March 27, 2014
11:00 am to 12:00 pm EDT
Sponsored by
Symposium Course Description:
Studying Cellular Processes by high-throughput electroporation of primary cells
High-throughput screening of cancer cell lines is a powerful technique to identify lead compounds for drug discovery. Many advances have been made over recent years to facilitate cell-based screening and these include improvements of cell culture methods, automated handling and image acquisition. Classical screening approaches have used transformed cell lines such as HeLa or human embryonic kidney HEK293 cells in monolayer cultures. It has now become evident that these model systems do not accurately reflect human physiology, which may also explain a high attrition rate in current drug discovery programs. A paradigm shift has been proposed whereby performing biomedical experiments in primary cells or more complex three-dimensional environment will enable a better understanding of human cellular behavior and provide a higher success rate for the development of drugs.

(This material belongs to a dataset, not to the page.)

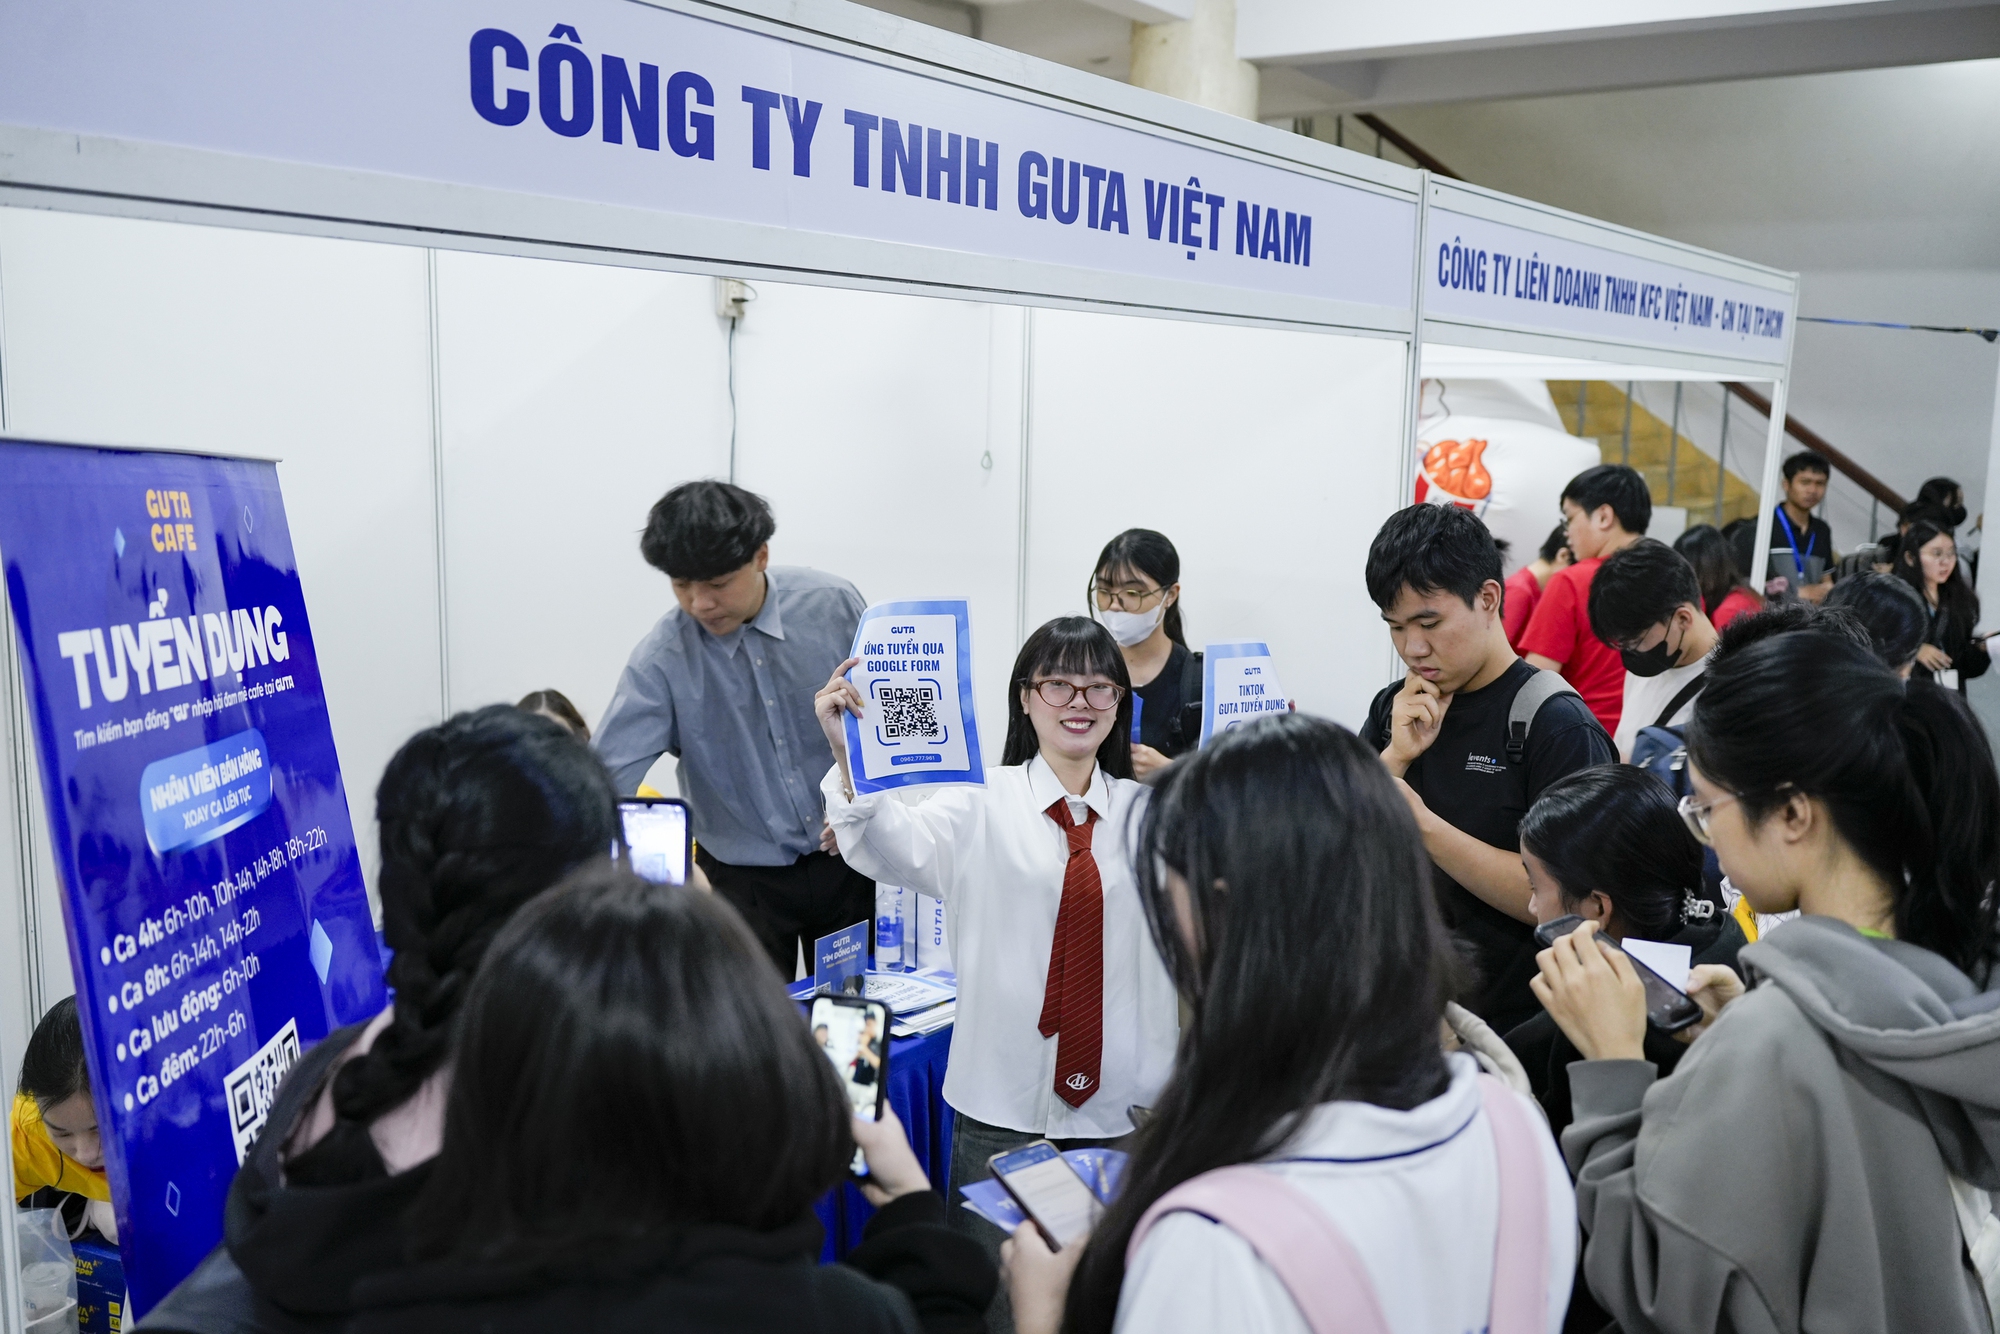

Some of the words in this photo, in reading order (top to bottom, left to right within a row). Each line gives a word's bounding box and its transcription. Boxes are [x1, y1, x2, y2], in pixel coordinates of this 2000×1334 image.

We are using the power of high-throughput screening approaches in order to understand the fundamental regulation of cellular processes such as mitogenic signal transduction and autophagy. More recently, we are developing novel approaches to high-throughput screening, using primary cell cultures and three-dimensional model systems in order to get a physiologically more relevant view on cellular processes. In this talk, I will give an overview of how we use these approaches to study the molecular regulation of autophagy.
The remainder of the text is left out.